Là surtout, ils peuvent retrouver l’un ou l’autre ministre. » Jusqu’en 1995, les ministres étaient membres du Parlement. Ils se devaient donc d’être présents, notamment pour voter les textes de loi, explique Herman De Croo. Les députés pouvaient les attraper par la manche pour leur glisser quelques mots à l’oreille Aujourd’hui, ce cumul a pris fin et on les voit moins. »
Les buvettes possèdent aussi leurs codes et leurs rituels. Elles connaissent évidemment plus d’affluence les jours de séance plénière. A l’exception du parlement bruxellois où la règle ne vaut pas, les tables sont disposées selon le » rang » : chaque parti a son espace et la taille de chaque table dépend du nombre d’élus. On se souvient ainsi de Geert Bourgeois, attablé tout seul, pendant les pauses. C’était 2003, quand il était l’unique élu N-VA. » La solitude était douloureuse, avoue-t-il. Après tout, faire de la politique est une activité collective. » Quel contraste avec la victoire de son parti en juin 2010 : 27 députés nationalistes occupant une très longue table, placée au centre de la pièce, face au bar. En juin dernier, l’arrivée au fédéral d’élus issus des formations du PTB/PVDA a conduit à quelques remaniements. Les députés PTB/PVDA ont pris possession d’une aire plus grande, passant de deux à douze élus. » Jusque-là, il était facile de les éviter « , concède une élue PS. Comme les dix-huit députés du Vlaams Belang que des parlementaires s’attachent à ignorer. Du côté francophone, le cordon sanitaire s’étend aux contacts, même à la buvette, et » est quasi suivi à 100 % « , selon Catherine Fonck. Un » ostracisme visible » dont le Belang serait aussi l’objet chez les Flamands, à en croire Herman De Croo, et tout autant d’application au parlement flamand.
Changement générationnel
Visuellement, les buvettes ressemblent à n’importe quel café un rien chic. A la Chambre, des tables hautes et des chaises peu confortables, paraît-il. Dans la koffiehuis du parlement flamand, des fauteuils sont installés autour de tables basses. La bière et le vin y sont encore gratuits – l’inverse du niveau fédéral où chaque groupe paie une somme forfaitaire mensuelle de 160 euros annuels par député. Au parlement de Wallonie, la buvette s’appelle le salon. Des présidents y laissent parfois des coutumes en héritage. Ainsi, chaque jeudi, Herman De Croo faisait livrer des matons de Grammont, apportés par son chauffeur. C’est lui aussi qui avait introduit l’alcool gratuit en 1999 : » En attendant les votes, de nombreux députés allaient boire un verre dans les établissements proches. A la buvette du parlement, les députés boivent moins car le contrôle social est plus grand. Forcément, vous n’avez pas envie de vous afficher ivre devant vos collègues. »

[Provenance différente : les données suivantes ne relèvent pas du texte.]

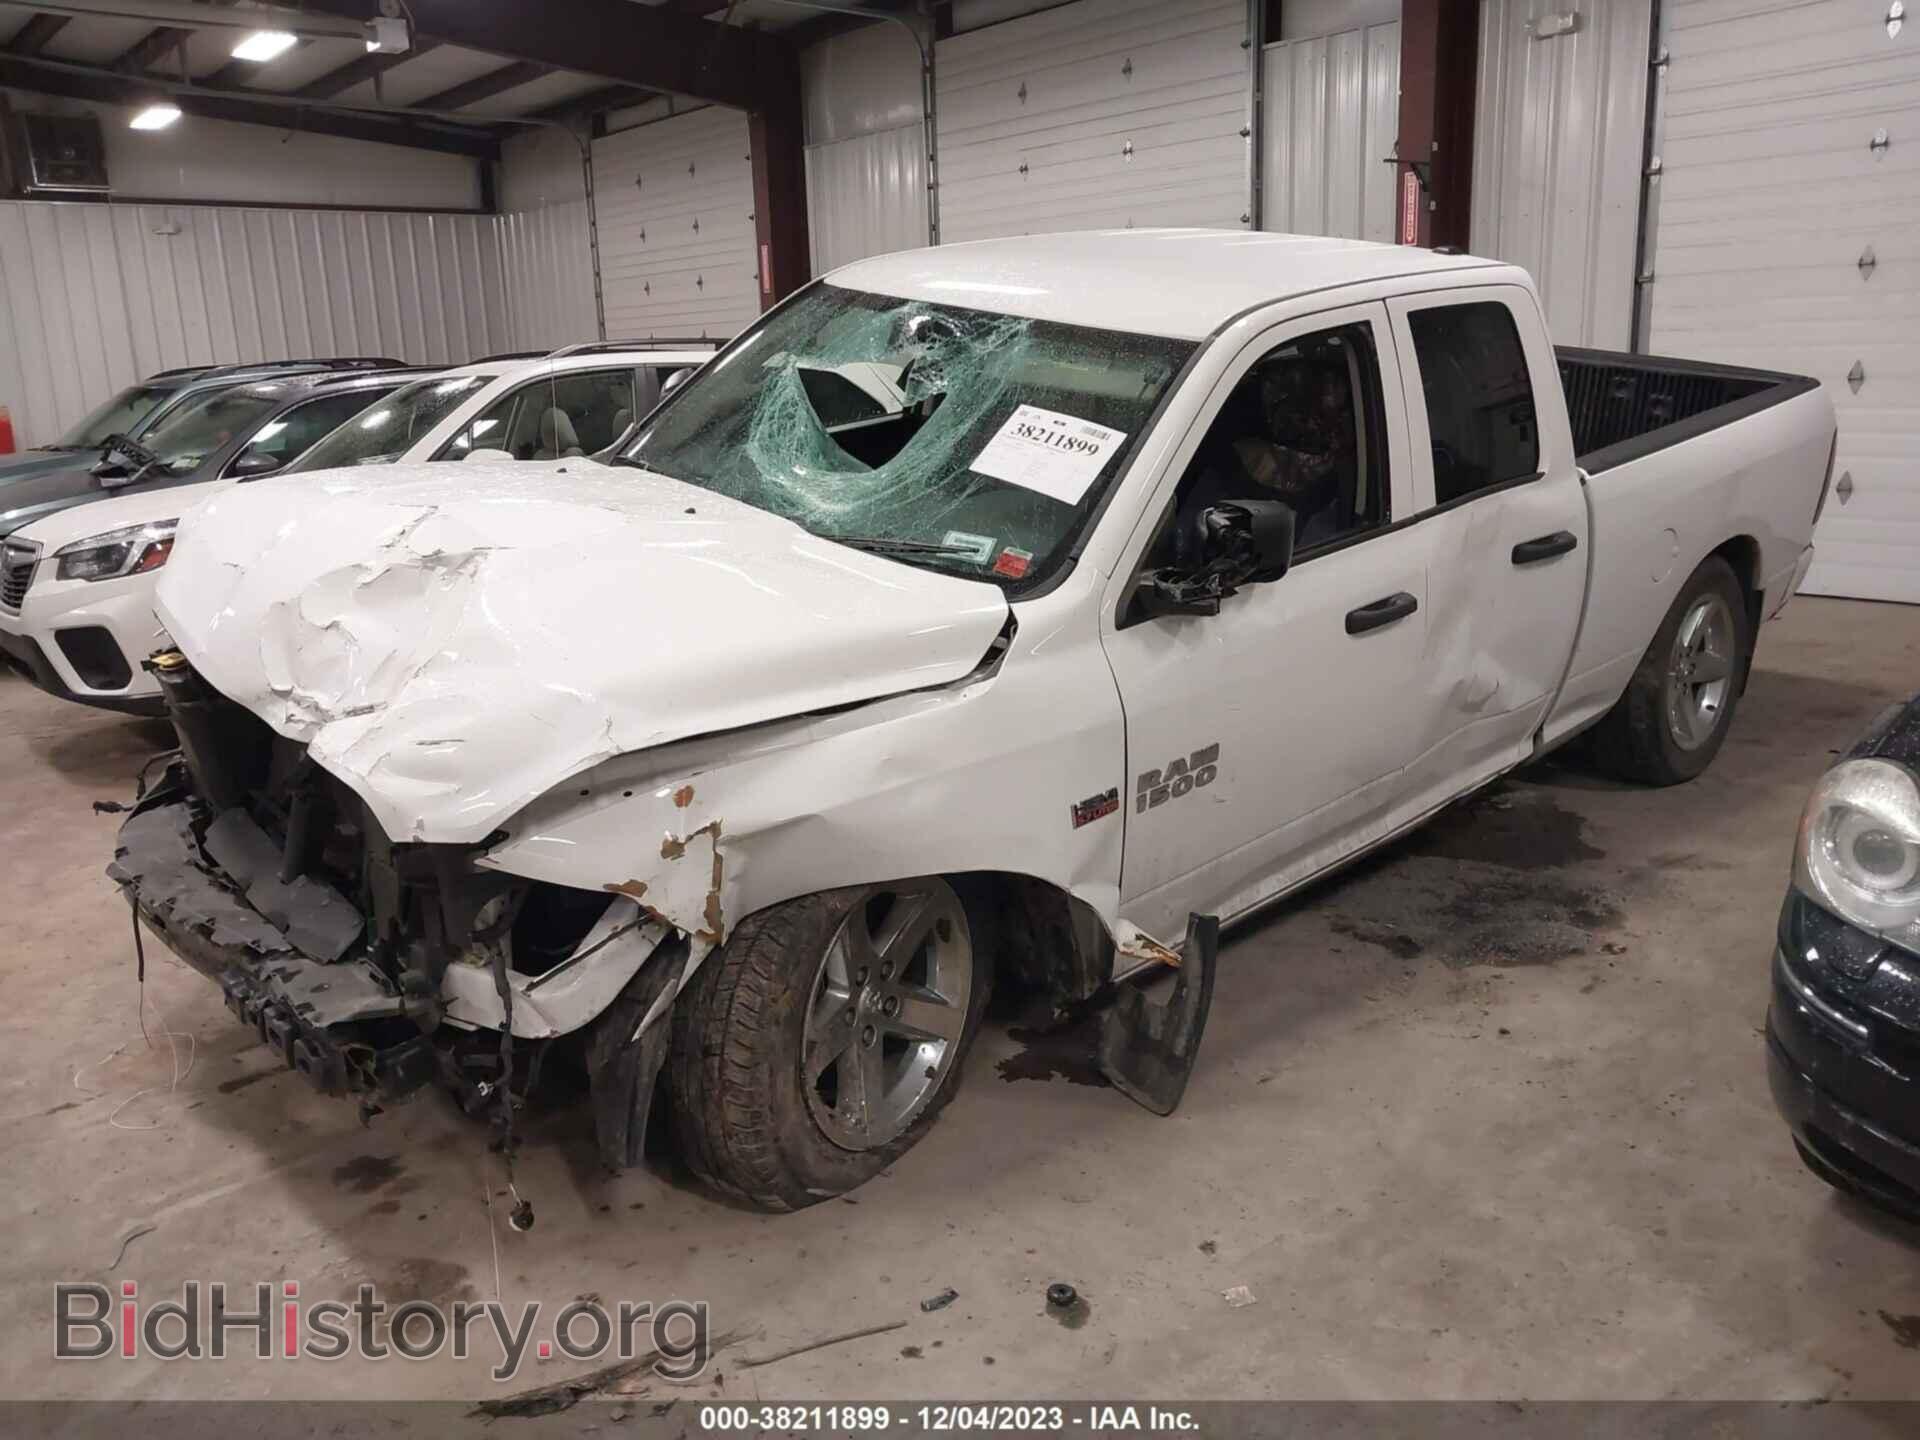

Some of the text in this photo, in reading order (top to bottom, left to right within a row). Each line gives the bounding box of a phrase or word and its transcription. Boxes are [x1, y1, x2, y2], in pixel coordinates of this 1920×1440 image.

[1010, 422, 1100, 456] 38211899
[1135, 764, 1217, 814] 1500
[1136, 743, 1220, 794] RAM
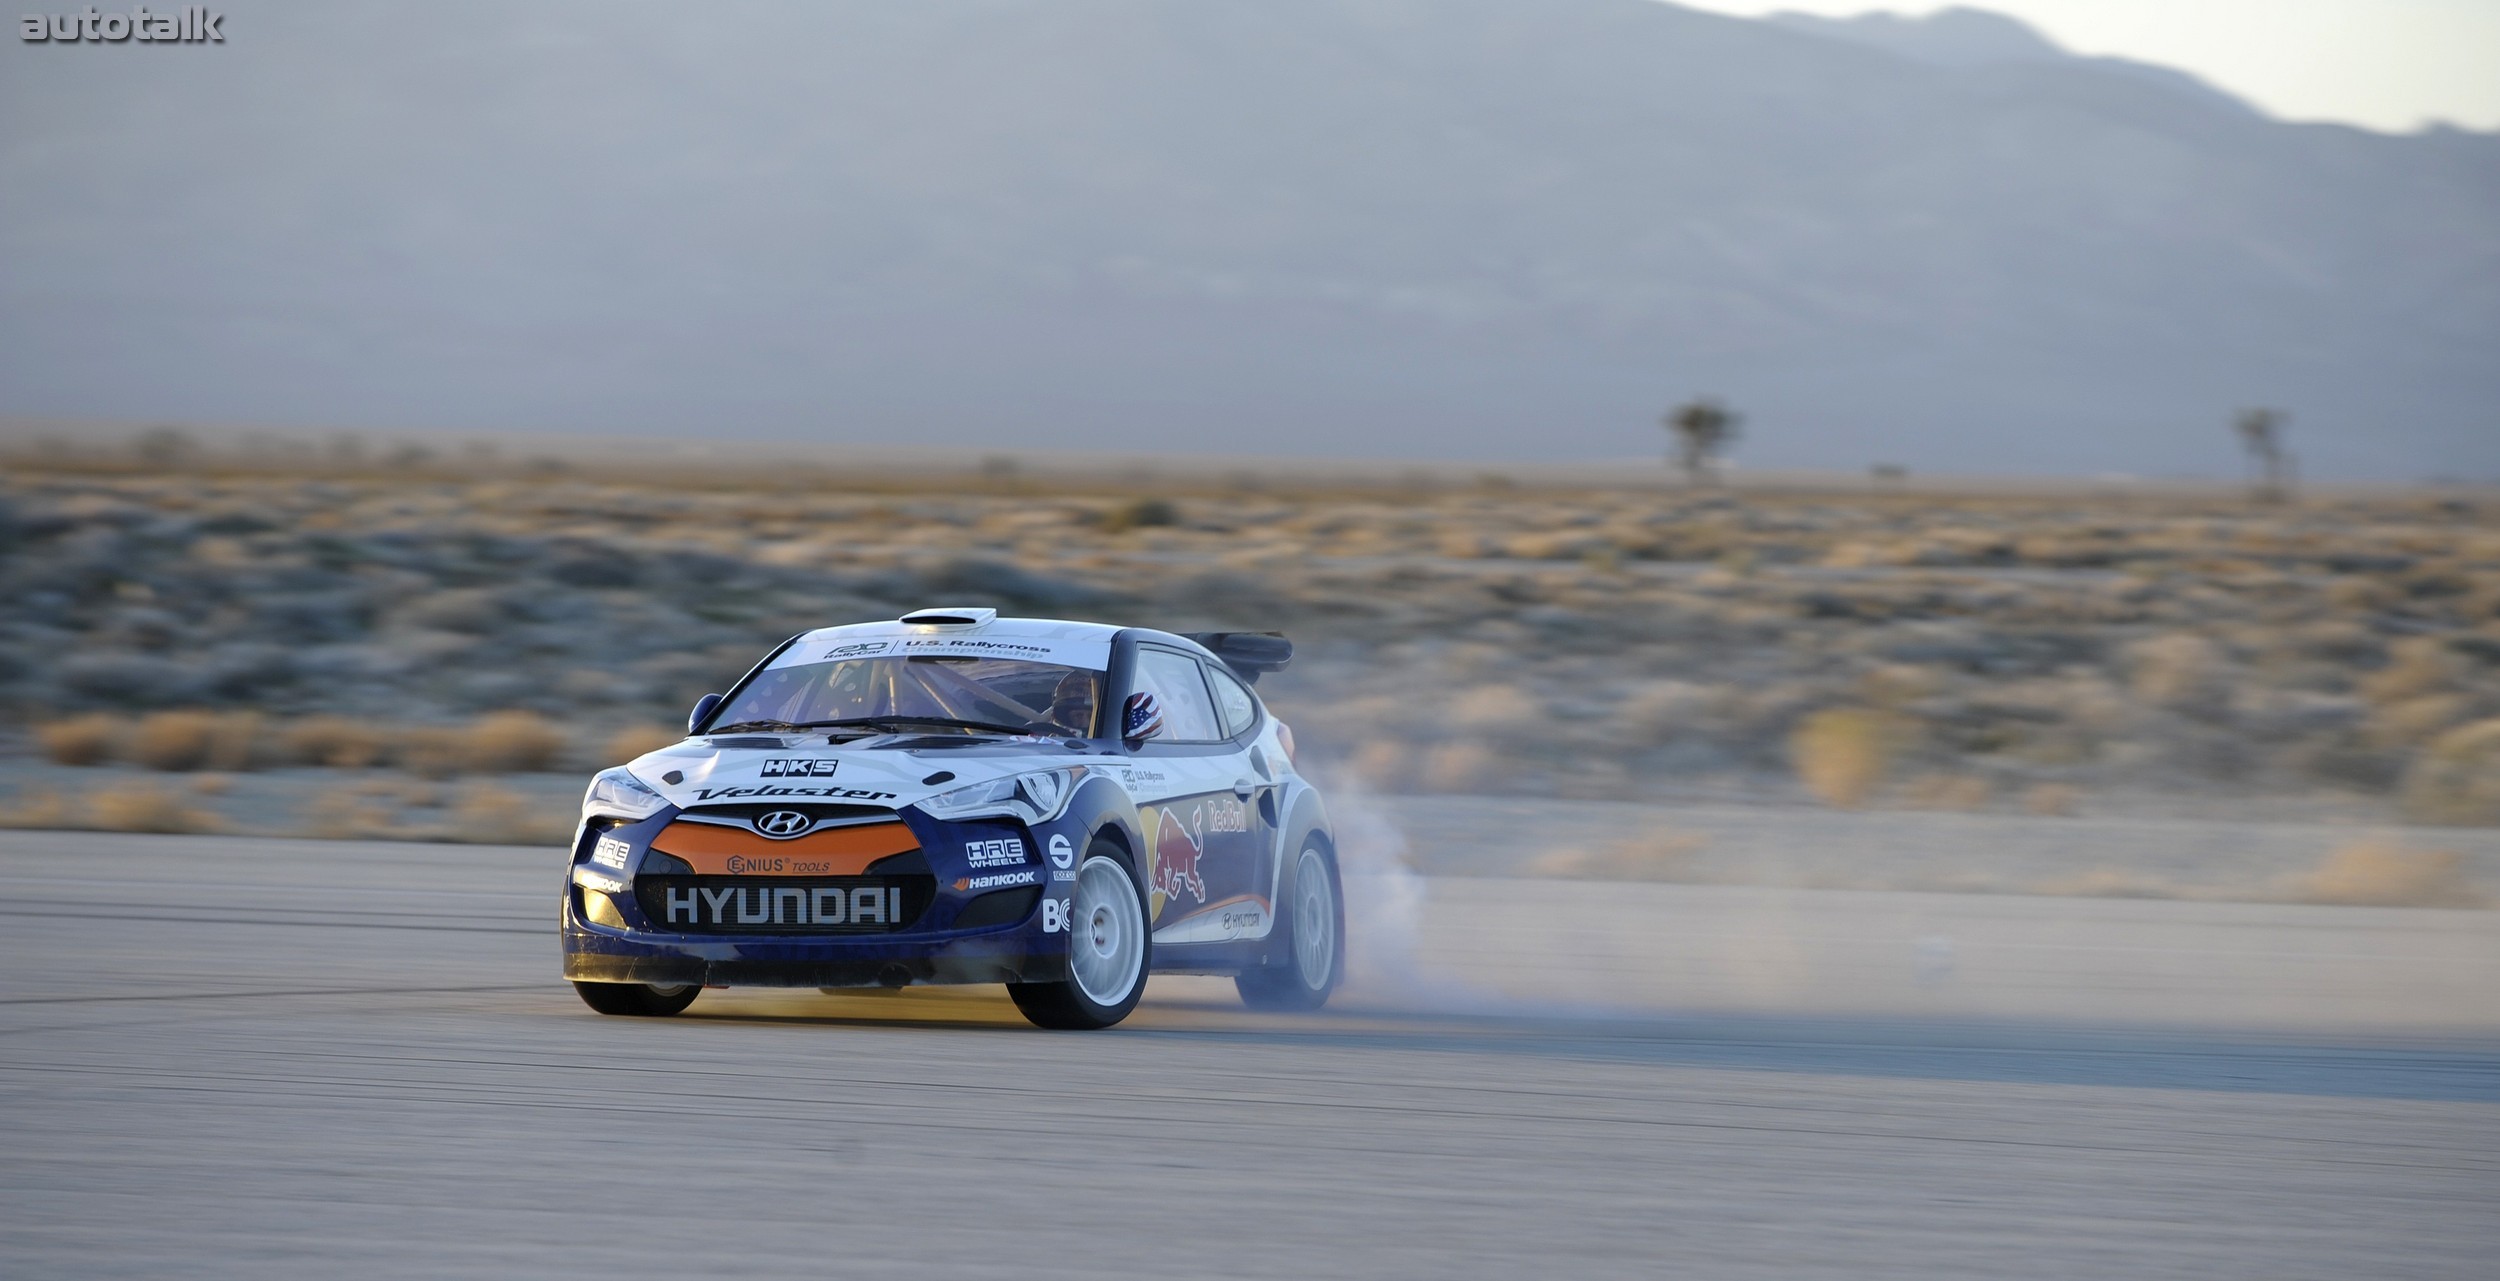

Un changement dans les habitudes peut vous attirer des ennemis. Ainsi Emily Hoyos (Ecolo), ex-présidente du parlement wallon, a été la cible de vives critiques à la suite de modifications de… la carte : finis les croque-monsieur et les sandwichs mous, priorité aux soupes et aux légumes bio. » Les élus se sont émus. C’était presque la révolution « , se souvient Marcel Cheron.
L’approvisionnement de la buvette est une affaire plus politique qu’elle n’y paraît. Au parlement fédéral, on y sert deux marques d’eau, une venue du sud, la Chaudfontaine, une conditionnée à Roosdaal, en Flandre, la Léberg. Benoît Friart, député MR, friand de bières locales, a obtenu que soit servie la Saint-Feuillien. Cette bière d’abbaye est produite au Roeulx, dont l’élu libéral est le bourgmestre, dans la brasserie Saint-Feuillien, appelée aussi brasserie Friart, dirigée par… Benoît Friart.
La buvette est, elle aussi, un lieu témoin du changement d’époque. L’arrivée de jeunes députés dans tous les parlements se ressent. Au fédéral, ils ont imposé les fruits, qui ont remplacé entre autres les gaufres sucrées qui plaisaient tant à Bart De Wever et les barres de chocolat. Les bières sont appréciées, mais le vin qu’on y sert ne serait pas très bon. Ces jeunes mangent vite et light et ne s’attardent plus à la buvette. C’est dans leur bureau de parlementaire ou parfois au restaurant qu’ils déjeunent. Presque personne ne vient en semaine. Le jeudi, jour de plénière, un verre est pris pendant ou après la session. Une demi-heure plus tard, tout le monde est parti, nous assure-t-on. » Les gens qui arrivent sont à l’image de la société. Ils veulent s’occuper de leur famille et avoir une vie saine « , relève Rachid Madrane. Certains zappent même la buvette et emmènent leur gourde…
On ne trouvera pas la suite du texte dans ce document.